All records are to be transcribed in full; any pictures among them are to be skipped.

[Data entries]
------------------------------------------------
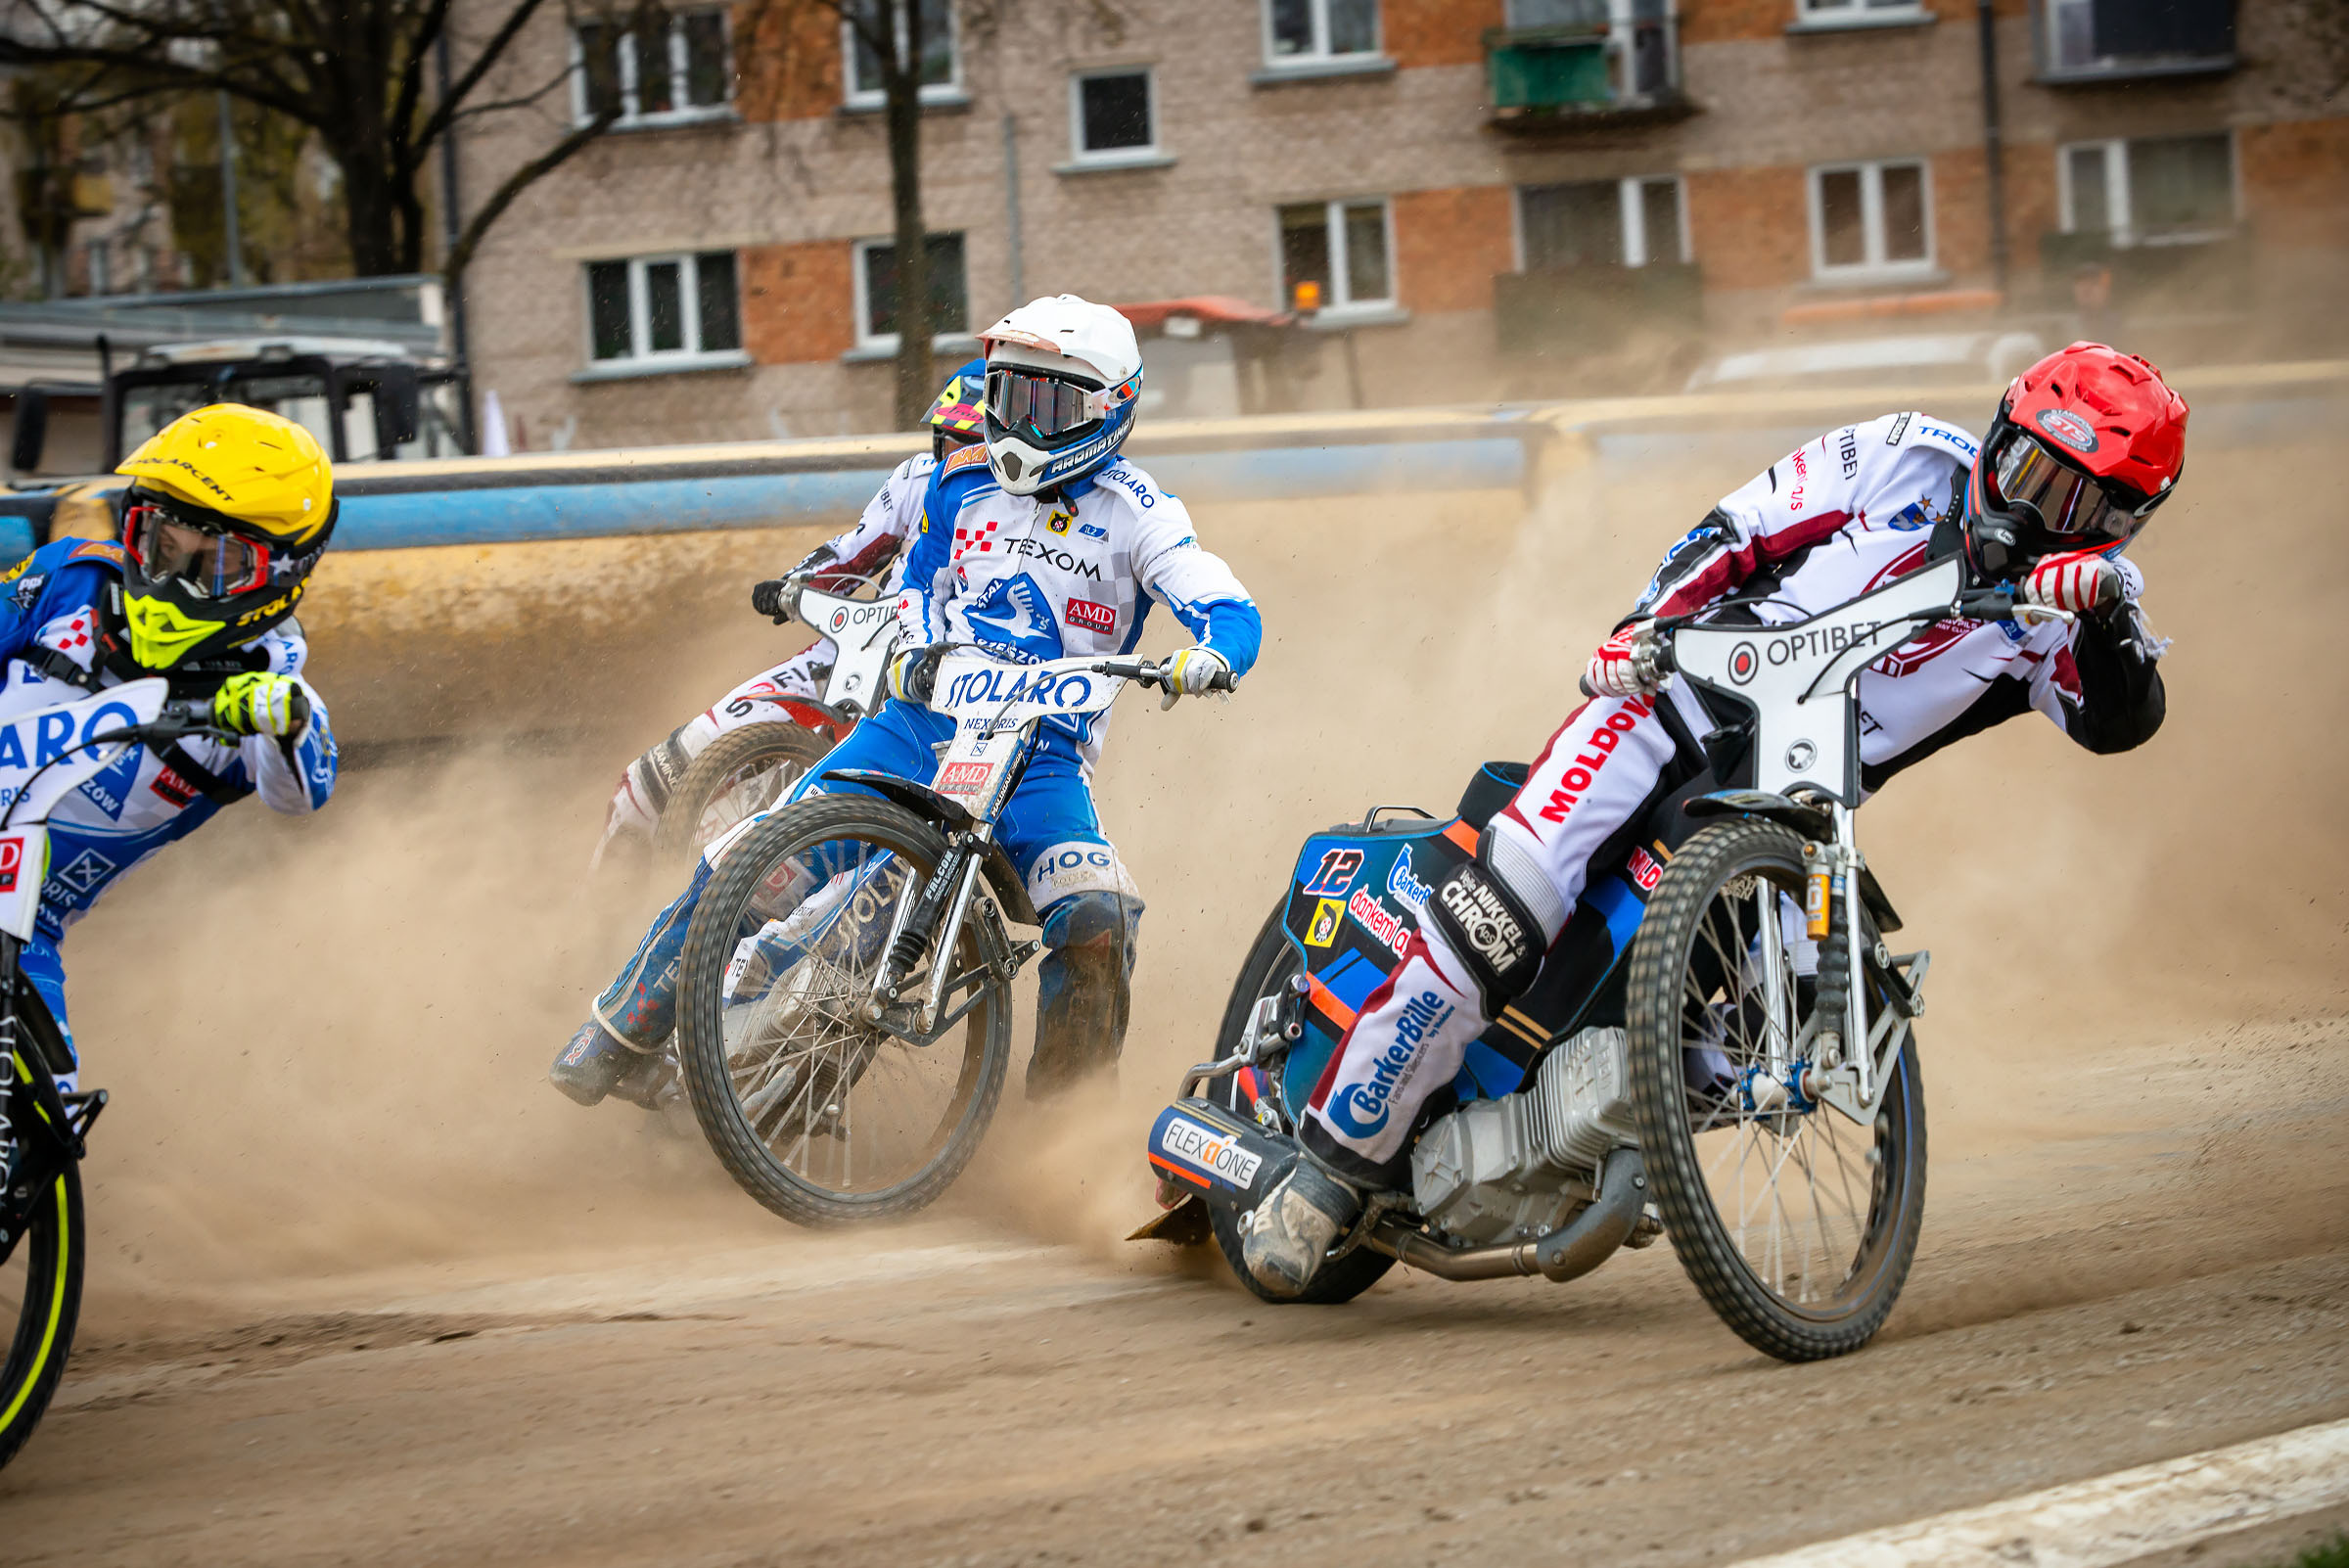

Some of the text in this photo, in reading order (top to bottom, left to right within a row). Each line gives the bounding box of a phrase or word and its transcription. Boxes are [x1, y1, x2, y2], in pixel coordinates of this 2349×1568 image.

[2049, 414, 2089, 442] STS
[1102, 469, 1155, 508] STOLARO
[1004, 538, 1102, 581] TEXOM
[978, 579, 1003, 610] STAL
[1069, 601, 1114, 624] AMD
[1069, 616, 1110, 631] GROUP
[1768, 621, 1881, 666] OPTIBET
[944, 669, 1092, 709] STOLARO
[944, 764, 989, 783] AMD
[925, 850, 954, 900] FALCON
[1037, 851, 1111, 883] HOG
[1303, 849, 1365, 897] 12
[1351, 885, 1402, 943] dankemi
[1442, 880, 1517, 973] CHROM
[1473, 884, 1522, 947] NIKKEL
[1515, 945, 1526, 957] &
[1353, 991, 1446, 1116] BarkerBille
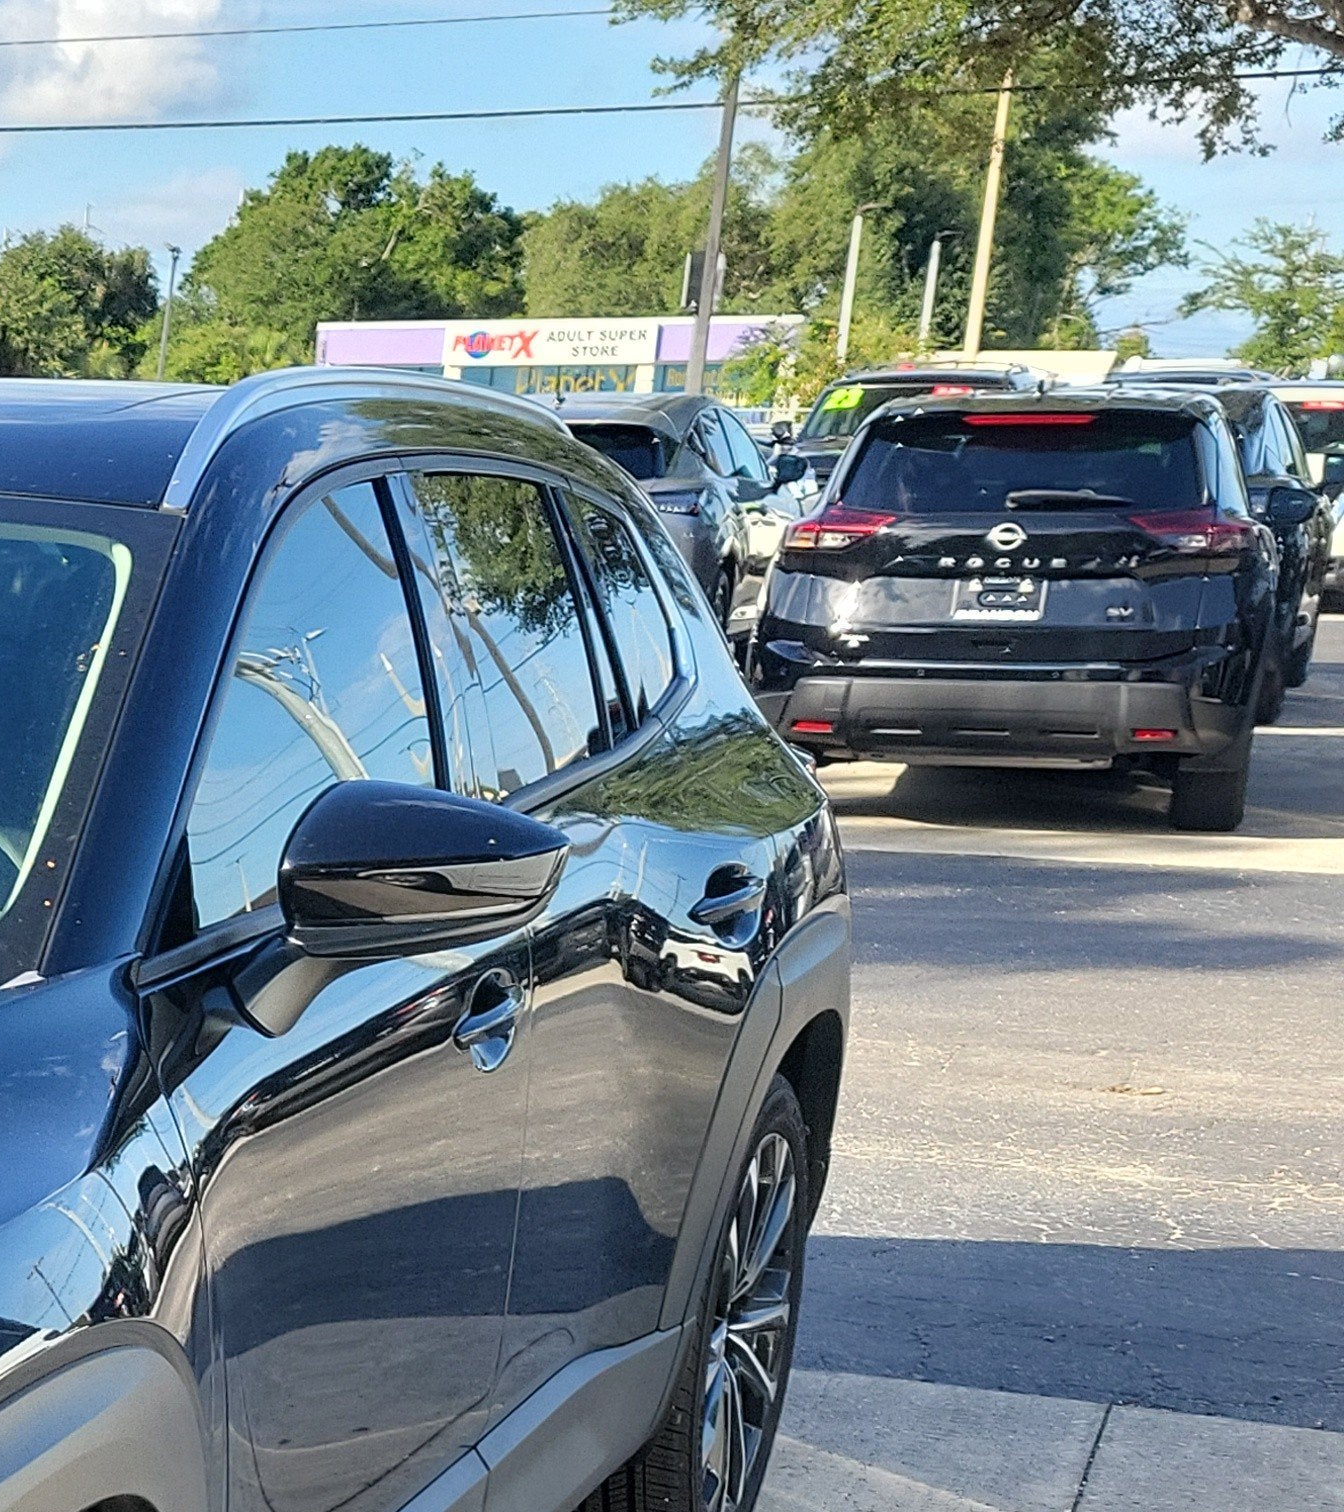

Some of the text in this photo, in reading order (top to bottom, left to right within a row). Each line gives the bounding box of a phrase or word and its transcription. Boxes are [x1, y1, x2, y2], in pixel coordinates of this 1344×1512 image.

[546, 329, 647, 342] ADULT SUPER
[571, 345, 619, 357] STORE
[938, 556, 1068, 569] ROGUE
[1106, 607, 1134, 617] SV
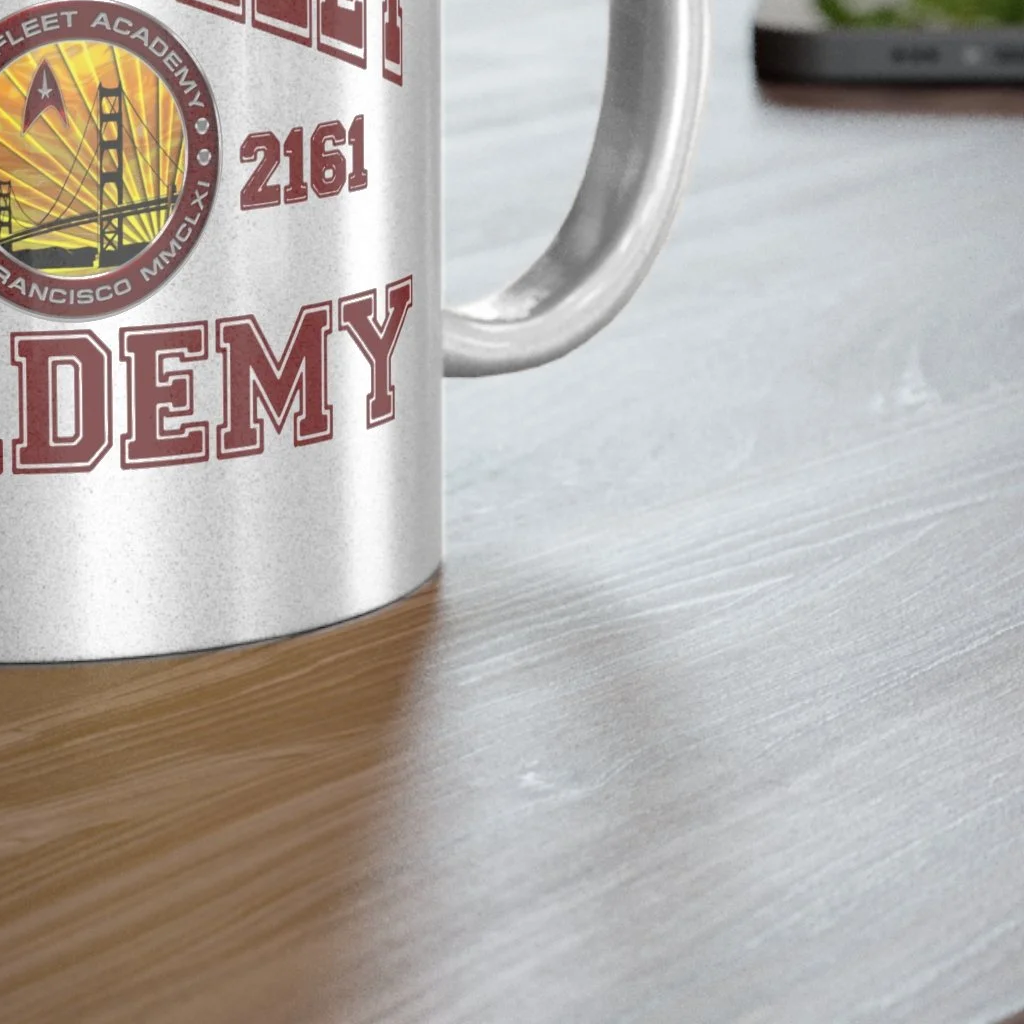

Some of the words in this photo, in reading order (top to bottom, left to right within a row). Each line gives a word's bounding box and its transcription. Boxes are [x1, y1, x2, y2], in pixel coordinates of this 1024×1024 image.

[91, 11, 206, 108] ACADEMY
[240, 115, 368, 210] 2161
[140, 180, 211, 282] MMCLXI
------------------------------------------------
◆ **OUTPUT**:
Some of the text in this photo, in reading order (top to bottom, left to right within a row). Each line gives the bounding box of a phrase or word and its transcription. Boxes are [x1, y1, x2, y2], in pixel coordinates of this 2349×1568 image.

[2049, 414, 2089, 442] STS
[1102, 469, 1155, 508] STOLARO
[1004, 538, 1102, 581] TEXOM
[978, 579, 1003, 610] STAL
[1069, 601, 1114, 624] AMD
[1069, 616, 1110, 631] GROUP
[1768, 621, 1881, 666] OPTIBET
[944, 669, 1092, 709] STOLARO
[944, 764, 989, 783] AMD
[925, 850, 954, 900] FALCON
[1037, 851, 1111, 883] HOG
[1303, 849, 1365, 897] 12
[1351, 885, 1402, 943] dankemi
[1442, 880, 1517, 973] CHROM
[1473, 884, 1522, 947] NIKKEL
[1515, 945, 1526, 957] &
[1353, 991, 1446, 1116] BarkerBille

Some of the text in this photo, in reading order (top to bottom, left to right within a row). Each line gives the bounding box of a phrase or word and its transcription. Boxes are [x1, y1, x2, y2], in pixel coordinates of this 1344×1512 image.

[546, 329, 647, 342] ADULT SUPER
[571, 345, 619, 357] STORE
[938, 556, 1068, 569] ROGUE
[1106, 607, 1134, 617] SV

Some of the words in this photo, in reading order (top to bottom, left to right within a row). Each line gives a word's bounding box and its transcription. Boxes are [x1, y1, x2, y2], in pixel coordinates of this 1024×1024 image.

[91, 11, 206, 108] ACADEMY
[240, 115, 368, 210] 2161
[140, 180, 211, 282] MMCLXI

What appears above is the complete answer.